We will remember them.

Laurence Binyon

In 1943 Anzac Day, April 25, fell on the same day as Easter.   Anzac Day commemorates the landing of the New Zealand and Australian troops at Gallipoli in World War I.  Although the effort to take the Dardanelles was ultimately unsuccessful, the Anzac troops demonstrated great courage and tenacity, and the ordeal the troops underwent in this campaign has a vast meaning to the peoples of New Zealand and Australia.

New York City saw its first public observance of Anzac Day that year as some 300 Australian airmen and sailors marched in the Easter Parade and were cheered by the crowds lining the parade route.  Anzac Day observances in Australia and New Zealand were muted that year, due to the day falling on Easter, and so many men were away fighting in the War.
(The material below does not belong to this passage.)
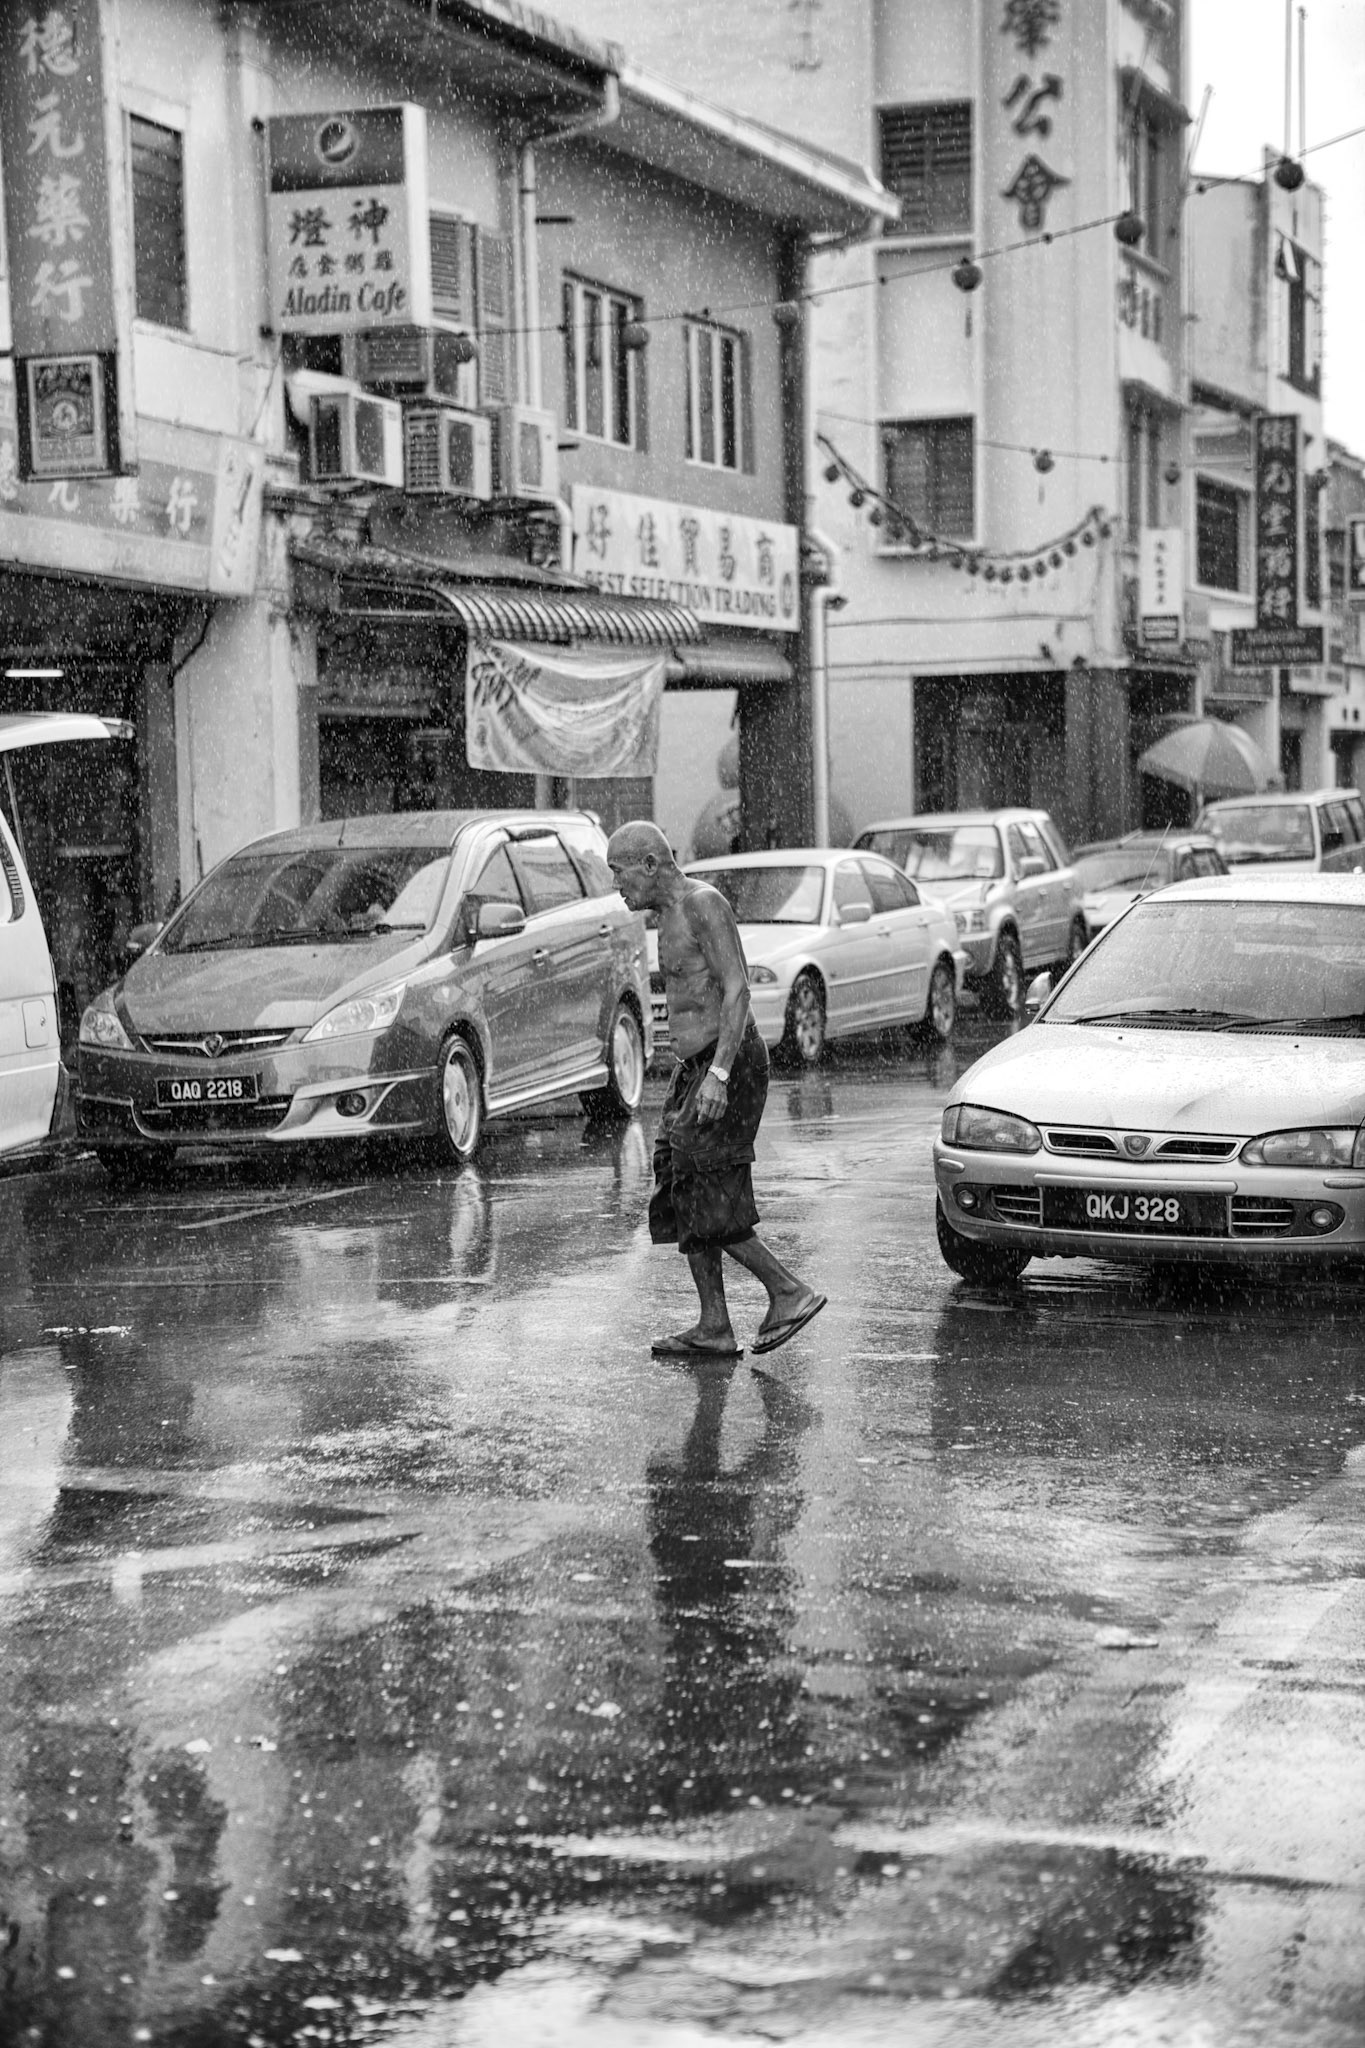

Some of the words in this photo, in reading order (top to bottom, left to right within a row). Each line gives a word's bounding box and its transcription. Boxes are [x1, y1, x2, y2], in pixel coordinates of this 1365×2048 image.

American audiences had become familiar with the courage of Anzac troops by viewing the documentary Kokoda Front Line, the video at the beginning of this post, which memorialized the struggle of Australian troops fighting in New Guinea.  Damien Parer, the cinematographer on the film won an Oscar for the film in 1943.  He would die on September 17, 1944, age 32, filming Marines in combat on Peleliu

In Melbourne, Australia on Anzac Day, the US 1st Marine Division marched through the streets in honor of the day to the cheers of their Australian hosts.

Australian POWs spent a grim Anzac Day beginning the construction of a section of the Burma-Thailand railroad known as Hellfire Pass.  Japan used Allied POWS as slave labor during the War and some 13,000 Australians labored on the railroad,  approximately 2650 dying from starvation rations, disease, beatings and random murder by their captives.  Hellfire Pass alone cost the lives of 700 Allied POWs, 69 of the men being beaten to death.

In North Africa the men of the New Zealand division spent the day fighting in Tunisia as the war in North Africa was coming to a victorious close for the Allies.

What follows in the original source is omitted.